What you should do —
All entries must be given again in full, exactly as they were supplied.

Data provided —

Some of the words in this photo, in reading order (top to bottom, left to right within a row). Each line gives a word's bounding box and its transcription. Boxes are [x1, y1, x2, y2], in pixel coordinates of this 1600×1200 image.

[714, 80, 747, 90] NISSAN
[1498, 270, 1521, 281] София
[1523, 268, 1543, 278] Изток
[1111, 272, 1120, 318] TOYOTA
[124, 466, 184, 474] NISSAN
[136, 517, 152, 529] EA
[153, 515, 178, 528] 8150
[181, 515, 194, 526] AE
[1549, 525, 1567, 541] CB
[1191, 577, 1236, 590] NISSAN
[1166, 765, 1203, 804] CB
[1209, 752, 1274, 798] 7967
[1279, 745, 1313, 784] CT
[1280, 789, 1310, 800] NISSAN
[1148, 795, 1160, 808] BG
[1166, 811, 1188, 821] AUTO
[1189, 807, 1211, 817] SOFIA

Answer to this task —
Some of the words in this photo, in reading order (top to bottom, left to right within a row). Each line gives a word's bounding box and its transcription. Boxes are [x1, y1, x2, y2], in pixel coordinates of this 1600×1200 image.

[714, 80, 747, 90] NISSAN
[1498, 270, 1521, 281] София
[1523, 268, 1543, 278] Изток
[1111, 272, 1120, 318] TOYOTA
[124, 466, 184, 474] NISSAN
[136, 517, 152, 529] EA
[153, 515, 178, 528] 8150
[181, 515, 194, 526] AE
[1549, 525, 1567, 541] CB
[1191, 577, 1236, 590] NISSAN
[1166, 765, 1203, 804] CB
[1209, 752, 1274, 798] 7967
[1279, 745, 1313, 784] CT
[1280, 789, 1310, 800] NISSAN
[1148, 795, 1160, 808] BG
[1166, 811, 1188, 821] AUTO
[1189, 807, 1211, 817] SOFIA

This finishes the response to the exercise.